Infect. v.12 n.1 Bogotá jan./mar. 2008

 

Mucormicosis rinocerebral en paciente con cefalea y diabetes mellitus

Rhinocerebral mucormycosis in diabetic patient with headache

Juan Camilo Botero1, Luis Fernando Moreno2, Luis Carlos Caparroso3

1 Médico internista, epidemiólogo; docente instructor, Facultad de Medicina,

2 Médico internista, Universidad Industrial de Santander, Bucaramanga, Colombia

3 Médico internista, Universidad de Cartagena, Cartagena, Colombia

Fecha de recepción:30/02/2007;Fecha de aceptación:31/03/2008


Resumen

Se reporta el caso de un paciente masculino de 52 años, con antecedentes personales de diabetes mellitus tipo 2 en tratamiento con metformín quien consultó por cefalea intensa y congestión nasal. Se diagnosticó una pansinusitis que no respondió al manejo médico. Fue evaluado por medicina interna y otorrinolaringología y se encontraron costras secas, negras, en los cornetes y meatos mediante la fibronasolaringoscopia. Se practicó una resonancia magnética en la que se reportó una lesión en la región temporal izquierda asociada a edema vasogénico. Se programó para drenaje del absceso el cual se realizó sin complicaciones; en el estudio de histopatología se informó la presencia de hifas aseptadas que correspondían a Rhizopus sp.

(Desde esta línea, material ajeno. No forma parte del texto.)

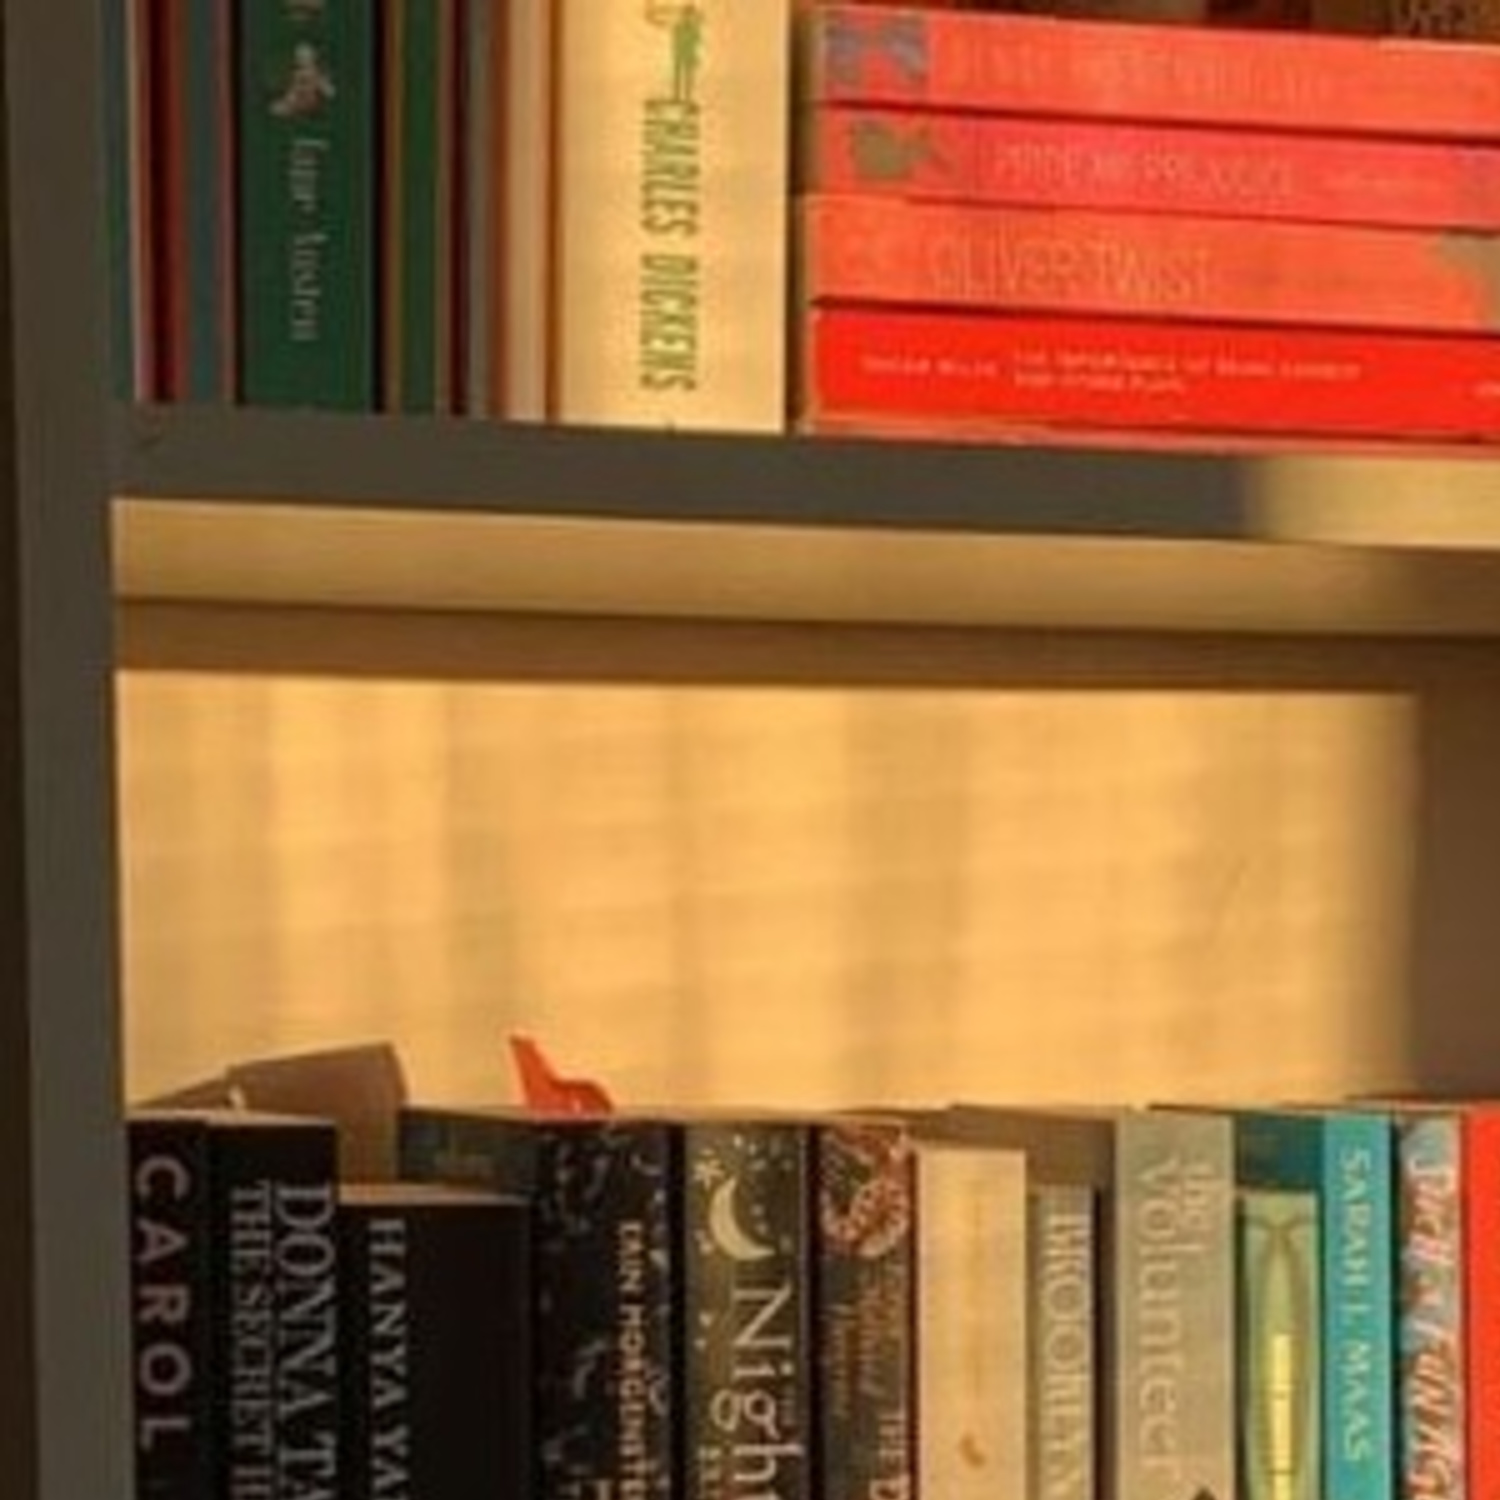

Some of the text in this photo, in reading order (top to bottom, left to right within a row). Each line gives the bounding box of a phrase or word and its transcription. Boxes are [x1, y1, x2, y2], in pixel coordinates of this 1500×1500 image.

Se inició su manejo con anfotericina B para la mucormicosis rinocerebral con respuesta adecuada y se dio de alta por mejoría de su enfermedad.

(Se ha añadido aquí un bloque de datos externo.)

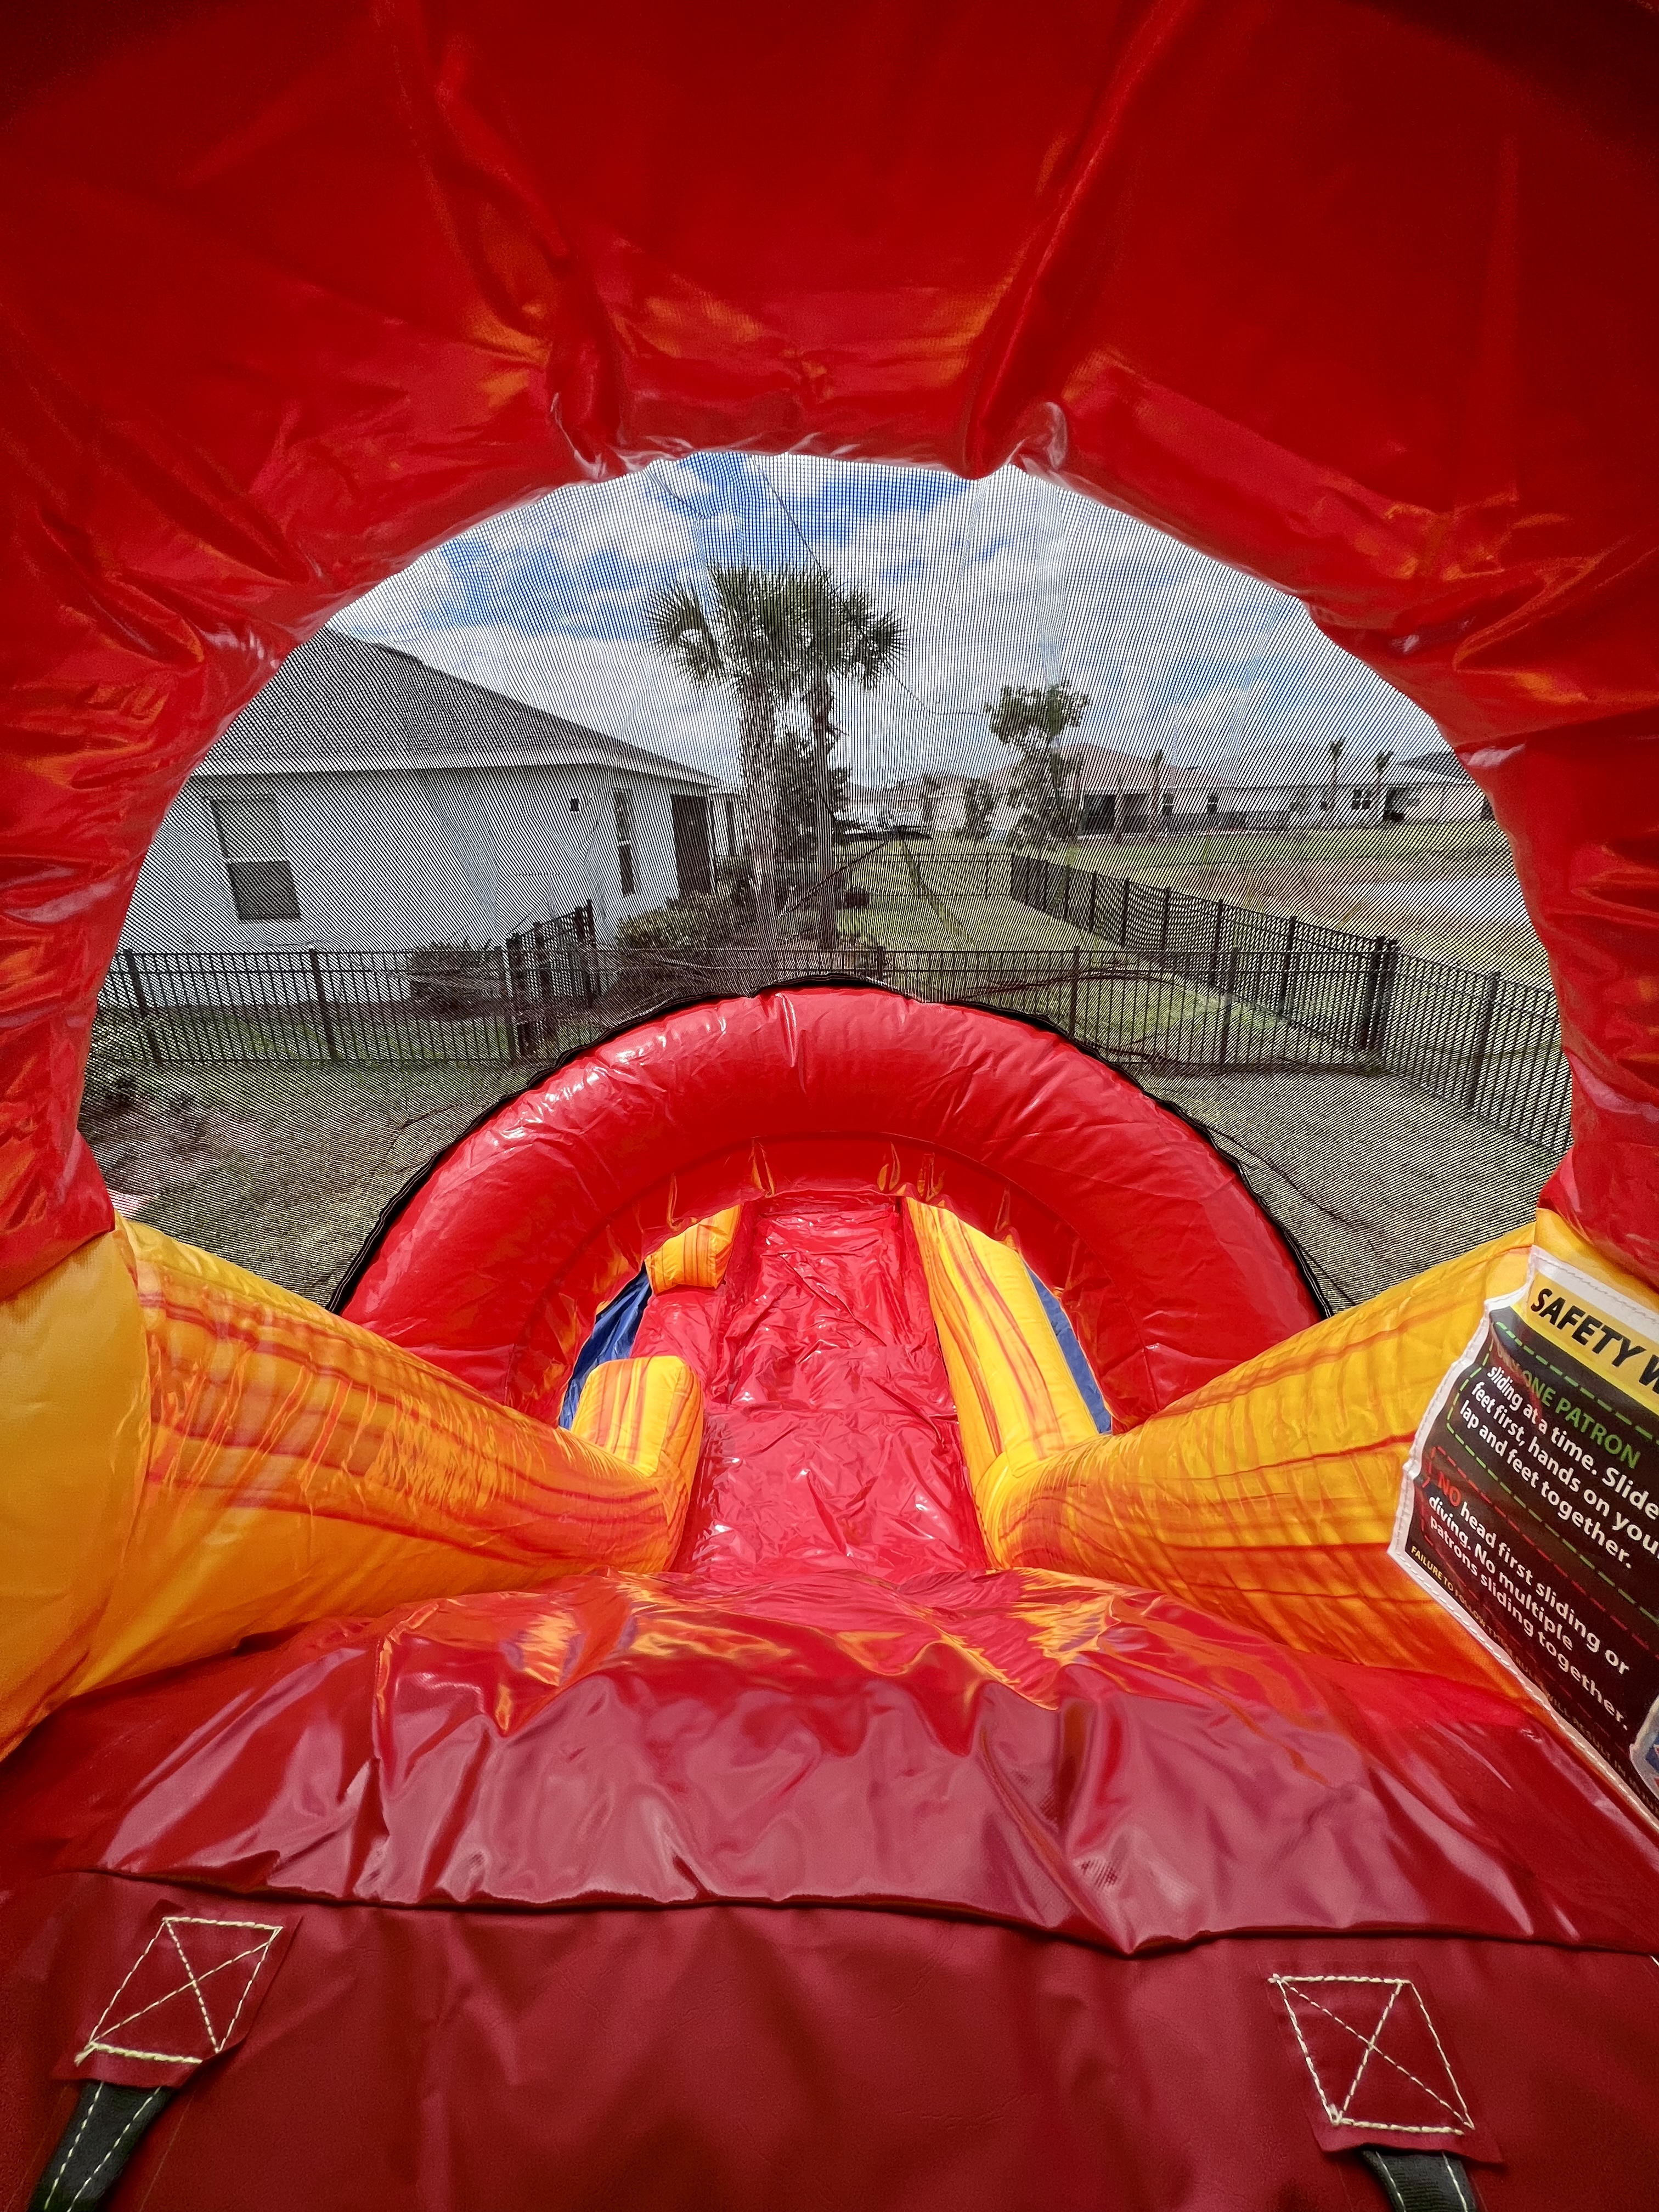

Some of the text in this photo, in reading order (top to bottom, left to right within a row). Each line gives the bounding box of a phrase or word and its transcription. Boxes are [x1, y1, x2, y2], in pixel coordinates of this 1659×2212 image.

[1531, 1288, 1647, 1367] SAFETY
[1460, 1400, 1632, 1569] lap and feet together.
[1471, 1381, 1659, 1559] feet first, hands on you
[1487, 1367, 1659, 1520] sliding at a time. Slide
[1522, 1370, 1641, 1469] ONE PATRON
[1411, 1545, 1442, 1581] FAILURE
[1443, 1577, 1454, 1592] TO
[1429, 1497, 1471, 1550] diving.
[1475, 1543, 1496, 1574] No
[1499, 1572, 1573, 1651] multiple
[1430, 1515, 1478, 1576] patrons
[1481, 1574, 1534, 1637] sliding
[1538, 1632, 1628, 1731] together.
[1438, 1471, 1462, 1507] NO
[1460, 1501, 1497, 1549] head
[1498, 1542, 1533, 1585] first
[1536, 1583, 1600, 1653] sliding
[1605, 1650, 1630, 1674] or

Palabras clave: diabetes, pansinusitis, mucormicosis rinocerebral, Rhizopus.


Abstract

We report the case of a 52 years old male patient with type 2 diabetes mellitus under metformin therapy that presented with acute headache and nasal congestion. Pansinusitis was diagnosed which did not respond to medical treatment. He was evaluated by the internal medicine and otorrinolaringology departments. In the fibronasolaringoscopy exam black necrotic scars were found in turbinates and meatus. A magnetic resonance was ordered which evidenced a lesion in the left temporal region associated to vasogenic edema. The patient was programmed for abscess drainage without any complications; the histopathological report informed the presence of non septated hyphae compatible with Rhizopus sp.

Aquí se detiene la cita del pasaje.